- DATA TO PROCESS:
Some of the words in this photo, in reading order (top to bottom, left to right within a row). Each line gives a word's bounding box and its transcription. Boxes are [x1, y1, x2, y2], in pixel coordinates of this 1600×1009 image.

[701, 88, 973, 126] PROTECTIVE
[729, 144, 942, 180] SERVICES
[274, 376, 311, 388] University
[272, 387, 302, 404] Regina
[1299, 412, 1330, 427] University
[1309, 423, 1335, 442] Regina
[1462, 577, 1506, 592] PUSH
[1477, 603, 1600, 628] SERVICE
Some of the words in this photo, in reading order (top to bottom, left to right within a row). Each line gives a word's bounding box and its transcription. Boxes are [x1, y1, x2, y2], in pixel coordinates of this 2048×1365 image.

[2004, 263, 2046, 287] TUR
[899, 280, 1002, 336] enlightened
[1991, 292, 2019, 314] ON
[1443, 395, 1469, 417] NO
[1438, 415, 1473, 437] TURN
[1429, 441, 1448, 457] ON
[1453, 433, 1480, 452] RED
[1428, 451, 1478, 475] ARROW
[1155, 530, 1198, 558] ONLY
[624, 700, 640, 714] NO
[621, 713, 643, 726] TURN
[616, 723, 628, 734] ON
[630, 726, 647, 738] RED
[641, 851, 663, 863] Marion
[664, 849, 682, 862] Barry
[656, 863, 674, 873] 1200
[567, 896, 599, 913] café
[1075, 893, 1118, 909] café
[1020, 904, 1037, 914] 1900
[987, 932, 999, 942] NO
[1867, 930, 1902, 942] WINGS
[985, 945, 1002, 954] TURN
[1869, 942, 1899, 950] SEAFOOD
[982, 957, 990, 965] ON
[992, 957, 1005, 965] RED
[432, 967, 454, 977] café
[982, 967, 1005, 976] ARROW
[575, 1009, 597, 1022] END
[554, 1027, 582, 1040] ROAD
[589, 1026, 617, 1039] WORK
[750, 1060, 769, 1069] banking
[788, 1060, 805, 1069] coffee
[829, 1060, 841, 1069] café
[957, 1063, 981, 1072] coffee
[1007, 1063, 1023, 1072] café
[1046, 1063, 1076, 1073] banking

- WHAT THIS TASK INVOLVES: Keeping each line exactly as it is, retype all of the data.

- ANSWER TO THIS EXERCISE:
Some of the words in this photo, in reading order (top to bottom, left to right within a row). Each line gives a word's bounding box and its transcription. Boxes are [x1, y1, x2, y2], in pixel coordinates of this 1600×1009 image.

[701, 88, 973, 126] PROTECTIVE
[729, 144, 942, 180] SERVICES
[274, 376, 311, 388] University
[272, 387, 302, 404] Regina
[1299, 412, 1330, 427] University
[1309, 423, 1335, 442] Regina
[1462, 577, 1506, 592] PUSH
[1477, 603, 1600, 628] SERVICE
Some of the words in this photo, in reading order (top to bottom, left to right within a row). Each line gives a word's bounding box and its transcription. Boxes are [x1, y1, x2, y2], in pixel coordinates of this 2048×1365 image.

[2004, 263, 2046, 287] TUR
[899, 280, 1002, 336] enlightened
[1991, 292, 2019, 314] ON
[1443, 395, 1469, 417] NO
[1438, 415, 1473, 437] TURN
[1429, 441, 1448, 457] ON
[1453, 433, 1480, 452] RED
[1428, 451, 1478, 475] ARROW
[1155, 530, 1198, 558] ONLY
[624, 700, 640, 714] NO
[621, 713, 643, 726] TURN
[616, 723, 628, 734] ON
[630, 726, 647, 738] RED
[641, 851, 663, 863] Marion
[664, 849, 682, 862] Barry
[656, 863, 674, 873] 1200
[567, 896, 599, 913] café
[1075, 893, 1118, 909] café
[1020, 904, 1037, 914] 1900
[987, 932, 999, 942] NO
[1867, 930, 1902, 942] WINGS
[985, 945, 1002, 954] TURN
[1869, 942, 1899, 950] SEAFOOD
[982, 957, 990, 965] ON
[992, 957, 1005, 965] RED
[432, 967, 454, 977] café
[982, 967, 1005, 976] ARROW
[575, 1009, 597, 1022] END
[554, 1027, 582, 1040] ROAD
[589, 1026, 617, 1039] WORK
[750, 1060, 769, 1069] banking
[788, 1060, 805, 1069] coffee
[829, 1060, 841, 1069] café
[957, 1063, 981, 1072] coffee
[1007, 1063, 1023, 1072] café
[1046, 1063, 1076, 1073] banking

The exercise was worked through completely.